Yesterday I took poor Gimpy Dog over to Billings to the veterinary orthopedist. Even typing that makes me feel slightly ashamed of myself — we live in a nation in which an enormous percentage of our population doesn’t even have human health care, and I’m spending how much money on orthopedic surgery for my dog? So anyhow, I was really hesitant about this whole thing — not just because of the money, but because the effect of the first surgery, which was supposed to increase his mobility had exactly the opposite effect — he fell apart entirely. But this guy is a specialist, and does a lot of orthopedic work on animals, and I figured he could give me a reasoned idea about what we were facing.

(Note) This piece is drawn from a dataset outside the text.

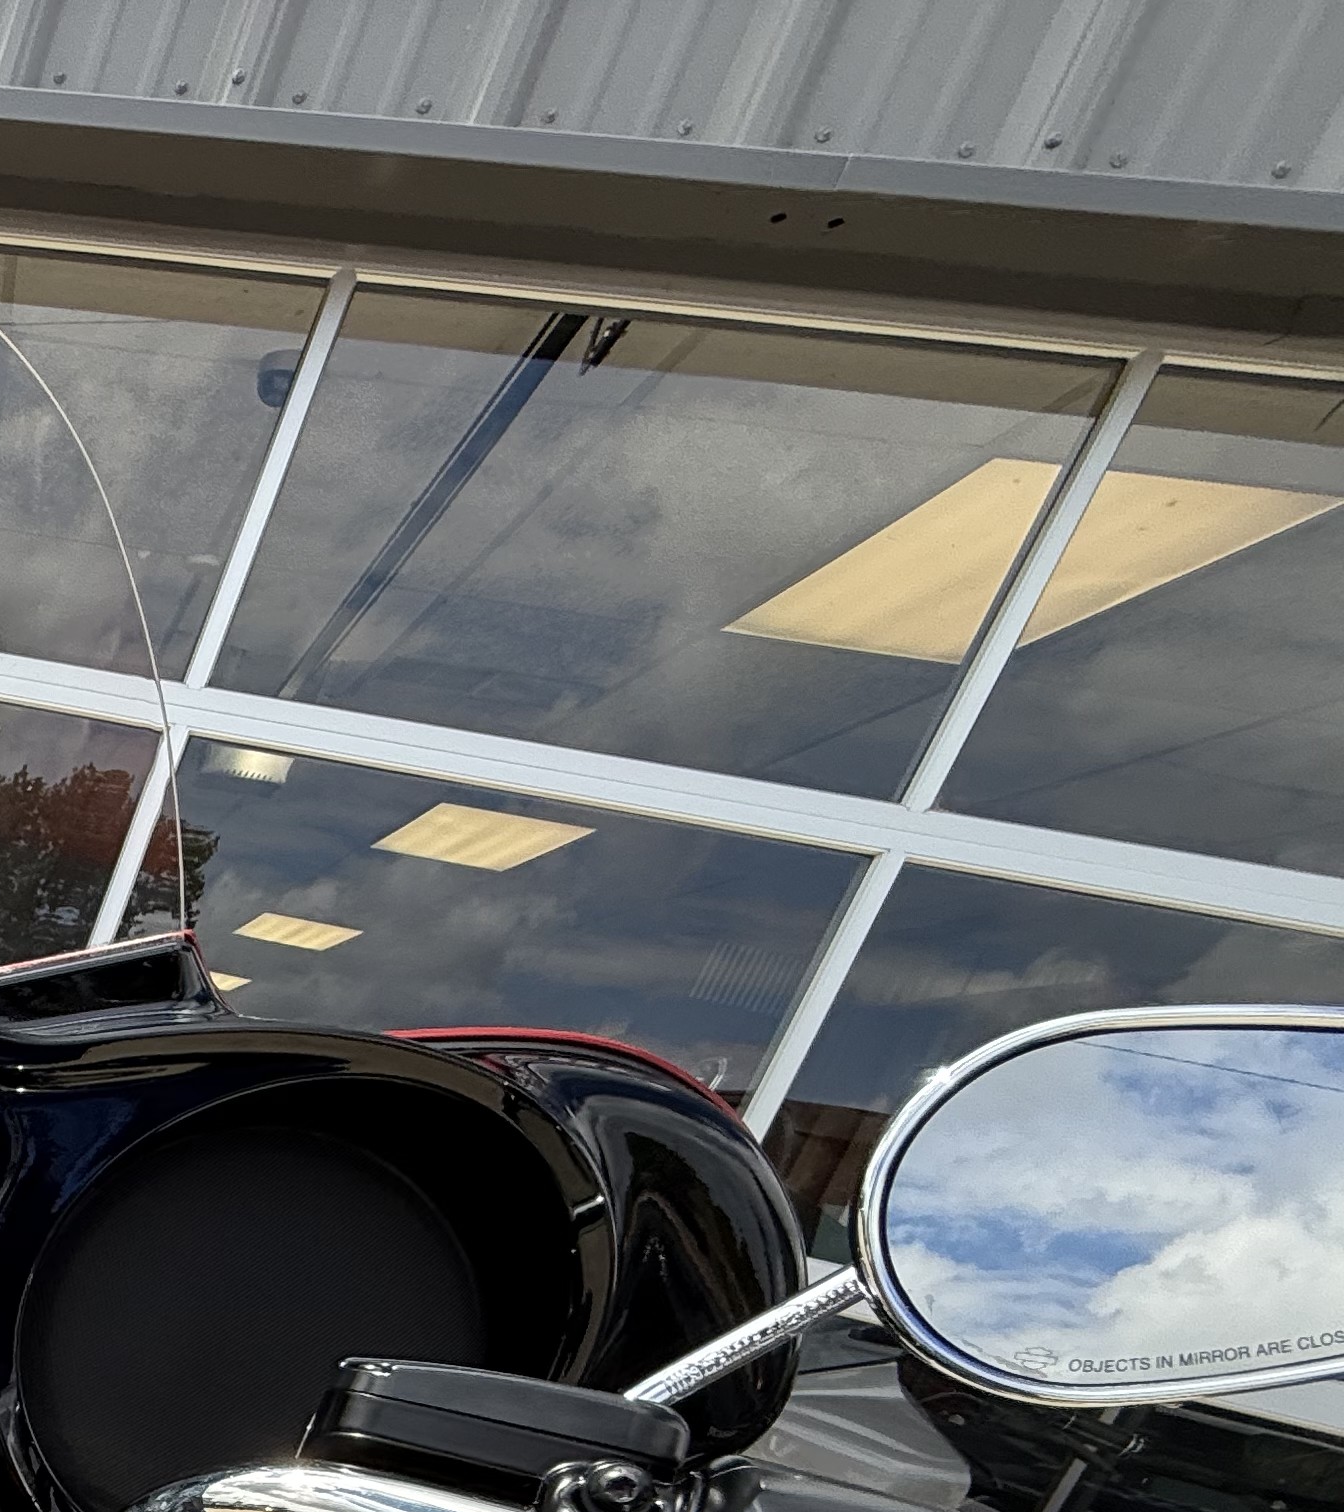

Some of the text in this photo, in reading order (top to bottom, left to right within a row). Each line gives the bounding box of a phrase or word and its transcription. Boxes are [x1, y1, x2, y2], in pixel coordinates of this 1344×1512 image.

[1068, 1330, 1344, 1373] OBJECTS IN MIRROR ARE CLOS

I left Owen there for about an hour or so while they took another set of xrays, and it turns out that he didn’t have the structural problems I had feared he did. His back is fine, his hips are good (one of the other docs thought his hips were arthritic), and his other knee is sound. His achilles tendon on the leg that had the knee operation is almost totally blown, and both hocks are pretty arthritic. But the vet was confident that he could fix the achilles, and that we could medicate the inflammation and pain in the hocks.
All of which was very good news. And so, I left the poor boy there and we’ll know by late this afternoon how the achilles operation went. He’ll come home with a whole external fixature device on (think the kinds of halos they use for broken necks) and we’ll go through another round of recovery and we’ll just have to keep our fingers crossed that he doesn’t blow the other achilles tendon (statistically, there’s a 50% chance).

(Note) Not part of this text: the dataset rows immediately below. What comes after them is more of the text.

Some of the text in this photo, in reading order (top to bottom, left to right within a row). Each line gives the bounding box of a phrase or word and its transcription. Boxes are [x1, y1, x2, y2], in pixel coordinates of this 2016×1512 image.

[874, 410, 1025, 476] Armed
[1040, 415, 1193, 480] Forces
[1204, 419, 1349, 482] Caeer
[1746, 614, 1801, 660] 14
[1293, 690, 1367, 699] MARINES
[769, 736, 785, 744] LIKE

While I’m enormously relieved that I didn’t have to put my sweet boy to sleep, I’m still not convinced that performing this kind of medical intervention on a pet is entirely warranted. Luckily, I have the money, and with any luck, this vet is a good judge of his own skills — but I wonder how fair is it to do this to an animal? I can’t explain to him what’s going on, or why we keep hurting him. All he knows is that we keep knocking him out and he wakes up with an incision, on drugs, and in this case he’ll have a device attached to his leg.

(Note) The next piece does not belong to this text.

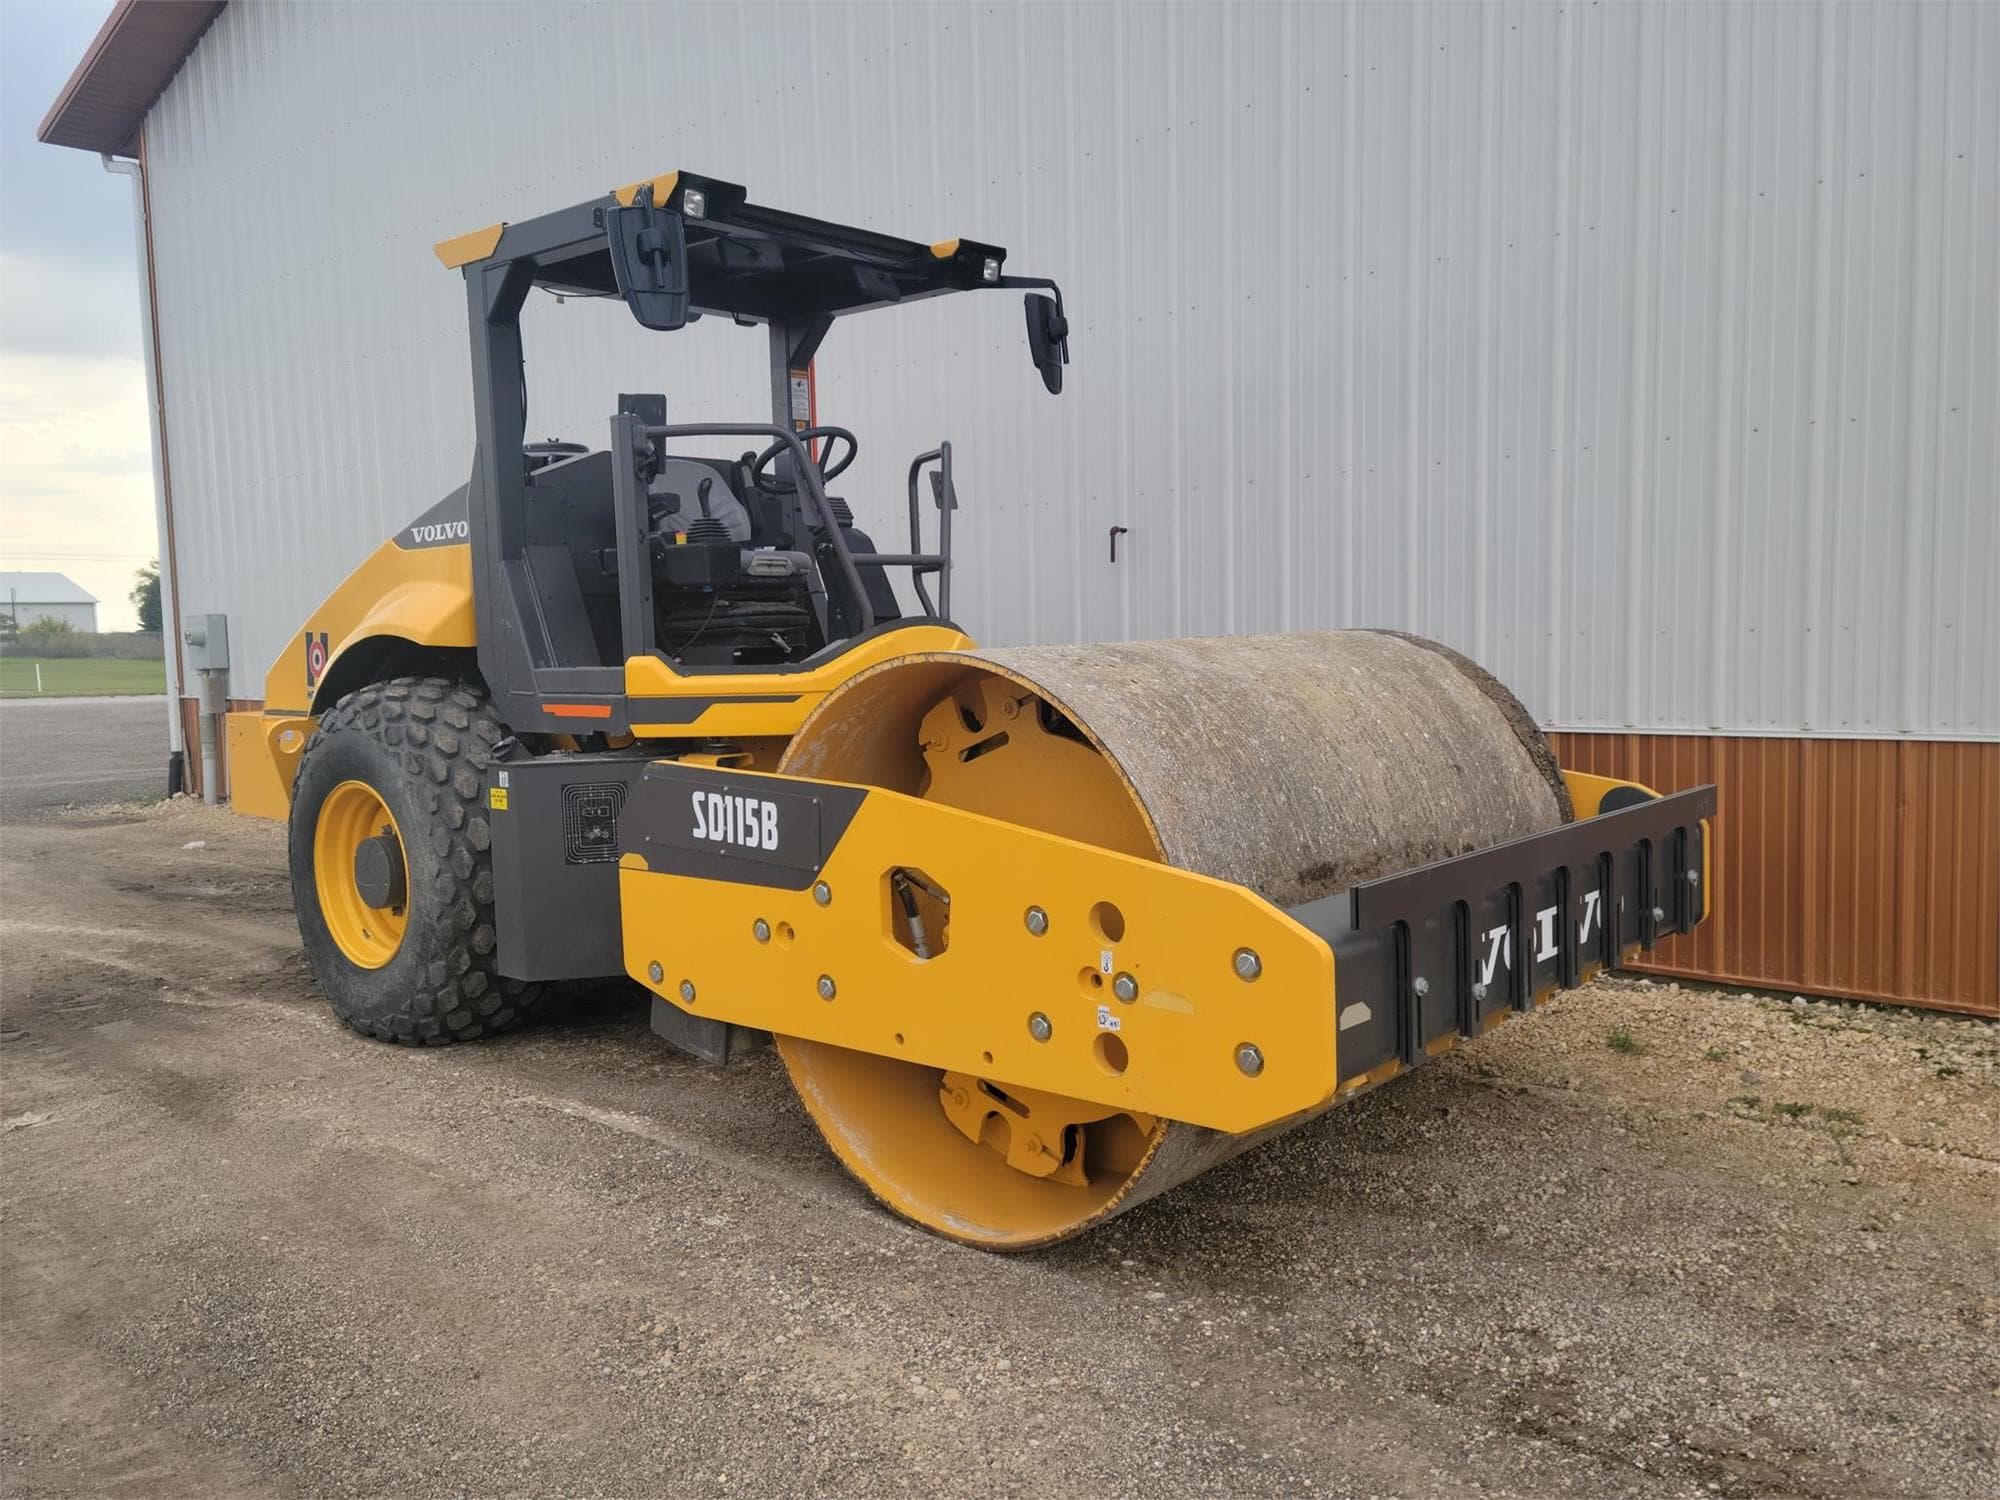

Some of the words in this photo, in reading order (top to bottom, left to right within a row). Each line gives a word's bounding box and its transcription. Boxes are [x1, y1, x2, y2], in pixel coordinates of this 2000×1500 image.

[410, 520, 469, 544] VOLVO
[692, 791, 779, 851] SD115B
[1481, 889, 1625, 986] VLV

But on the other hand, I don’t have much faith in medical intervention for human beings either. I grew up in a cancer cluster in the 70s and 80s — we watched 2 kids and 2 moms in our immediate circle die long slow painful deaths, and there were probably another 6-8 peripheral people we knew who also died. When my cousin Dede was diagnosed last fall with breast cancer, her first impulse was to refuse the chemo — from what we’d seen, what good would that do? We had a long long talk on the phone, about how it was better now, how chemo actually works these days. Neither of us come from a place where our default emotional reaction is that doctors can make it better, that medical intervention actually works. I feel a little bit the same about the dog, that’s why I agreed to the operation — as I said to my mother, I can’t just kill my dog because I have no faith in medicine.
I came home from Billings absolutely exhausted yesterday. I was enormously relieved that this vet thinks he can help, and that I’ve got the money to pay for it. I was enormously relieved that I didn’t have to drive back with a crippled dog I was going to have to put down. But as emotional as this decision has been, and as much as I love my dog — I couldn’t help thinking about my one friend whose girlfriend is waging a heroic and drawn-out battle with cancer, or my other friend whose husband is currently sitting at his ex-wife’s deathbed (both, strangely enough, have pancreatic cancer) — and my heart was sore for both of them. I love my dog, and it would be a big sorrow to put him down, but it is not the same as losing a person. As tired as I was from all this, I can only imagine what they’re all going through — it’s a sad way to keep it all in perspective, but it does.